» MATERIAL SHOWN
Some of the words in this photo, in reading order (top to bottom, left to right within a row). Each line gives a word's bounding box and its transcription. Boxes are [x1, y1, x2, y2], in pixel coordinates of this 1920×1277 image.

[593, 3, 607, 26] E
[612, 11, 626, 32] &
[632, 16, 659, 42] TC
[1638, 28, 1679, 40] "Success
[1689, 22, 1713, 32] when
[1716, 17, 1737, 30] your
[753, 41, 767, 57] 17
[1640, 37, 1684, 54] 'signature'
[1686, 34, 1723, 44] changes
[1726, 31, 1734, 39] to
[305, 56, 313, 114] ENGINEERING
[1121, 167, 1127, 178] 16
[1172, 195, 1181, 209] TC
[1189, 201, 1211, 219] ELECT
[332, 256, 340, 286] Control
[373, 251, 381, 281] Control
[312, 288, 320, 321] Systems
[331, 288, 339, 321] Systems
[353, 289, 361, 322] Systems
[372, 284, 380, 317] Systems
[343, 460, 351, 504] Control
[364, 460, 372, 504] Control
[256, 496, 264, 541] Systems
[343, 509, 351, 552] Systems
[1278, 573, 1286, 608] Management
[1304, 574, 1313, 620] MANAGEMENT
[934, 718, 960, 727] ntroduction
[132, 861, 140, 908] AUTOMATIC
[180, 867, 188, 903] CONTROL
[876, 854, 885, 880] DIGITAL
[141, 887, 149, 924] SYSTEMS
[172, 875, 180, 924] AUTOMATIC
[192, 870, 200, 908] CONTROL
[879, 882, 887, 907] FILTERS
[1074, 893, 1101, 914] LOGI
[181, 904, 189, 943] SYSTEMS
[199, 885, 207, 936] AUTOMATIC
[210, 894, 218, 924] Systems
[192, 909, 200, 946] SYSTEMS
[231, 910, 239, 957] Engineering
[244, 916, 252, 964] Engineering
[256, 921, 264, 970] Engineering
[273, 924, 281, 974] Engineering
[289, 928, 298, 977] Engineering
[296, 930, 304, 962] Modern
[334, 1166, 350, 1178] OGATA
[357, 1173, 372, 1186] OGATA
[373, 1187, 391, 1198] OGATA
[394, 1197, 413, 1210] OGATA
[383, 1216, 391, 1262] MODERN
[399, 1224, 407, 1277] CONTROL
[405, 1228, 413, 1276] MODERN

» TASK DIRECTIONS
Exactly as written, output all of the entries.

» ANSWER TO THIS TASK
Some of the words in this photo, in reading order (top to bottom, left to right within a row). Each line gives a word's bounding box and its transcription. Boxes are [x1, y1, x2, y2], in pixel coordinates of this 1920×1277 image.

[593, 3, 607, 26] E
[612, 11, 626, 32] &
[632, 16, 659, 42] TC
[1638, 28, 1679, 40] "Success
[1689, 22, 1713, 32] when
[1716, 17, 1737, 30] your
[753, 41, 767, 57] 17
[1640, 37, 1684, 54] 'signature'
[1686, 34, 1723, 44] changes
[1726, 31, 1734, 39] to
[305, 56, 313, 114] ENGINEERING
[1121, 167, 1127, 178] 16
[1172, 195, 1181, 209] TC
[1189, 201, 1211, 219] ELECT
[332, 256, 340, 286] Control
[373, 251, 381, 281] Control
[312, 288, 320, 321] Systems
[331, 288, 339, 321] Systems
[353, 289, 361, 322] Systems
[372, 284, 380, 317] Systems
[343, 460, 351, 504] Control
[364, 460, 372, 504] Control
[256, 496, 264, 541] Systems
[343, 509, 351, 552] Systems
[1278, 573, 1286, 608] Management
[1304, 574, 1313, 620] MANAGEMENT
[934, 718, 960, 727] ntroduction
[132, 861, 140, 908] AUTOMATIC
[180, 867, 188, 903] CONTROL
[876, 854, 885, 880] DIGITAL
[141, 887, 149, 924] SYSTEMS
[172, 875, 180, 924] AUTOMATIC
[192, 870, 200, 908] CONTROL
[879, 882, 887, 907] FILTERS
[1074, 893, 1101, 914] LOGI
[181, 904, 189, 943] SYSTEMS
[199, 885, 207, 936] AUTOMATIC
[210, 894, 218, 924] Systems
[192, 909, 200, 946] SYSTEMS
[231, 910, 239, 957] Engineering
[244, 916, 252, 964] Engineering
[256, 921, 264, 970] Engineering
[273, 924, 281, 974] Engineering
[289, 928, 298, 977] Engineering
[296, 930, 304, 962] Modern
[334, 1166, 350, 1178] OGATA
[357, 1173, 372, 1186] OGATA
[373, 1187, 391, 1198] OGATA
[394, 1197, 413, 1210] OGATA
[383, 1216, 391, 1262] MODERN
[399, 1224, 407, 1277] CONTROL
[405, 1228, 413, 1276] MODERN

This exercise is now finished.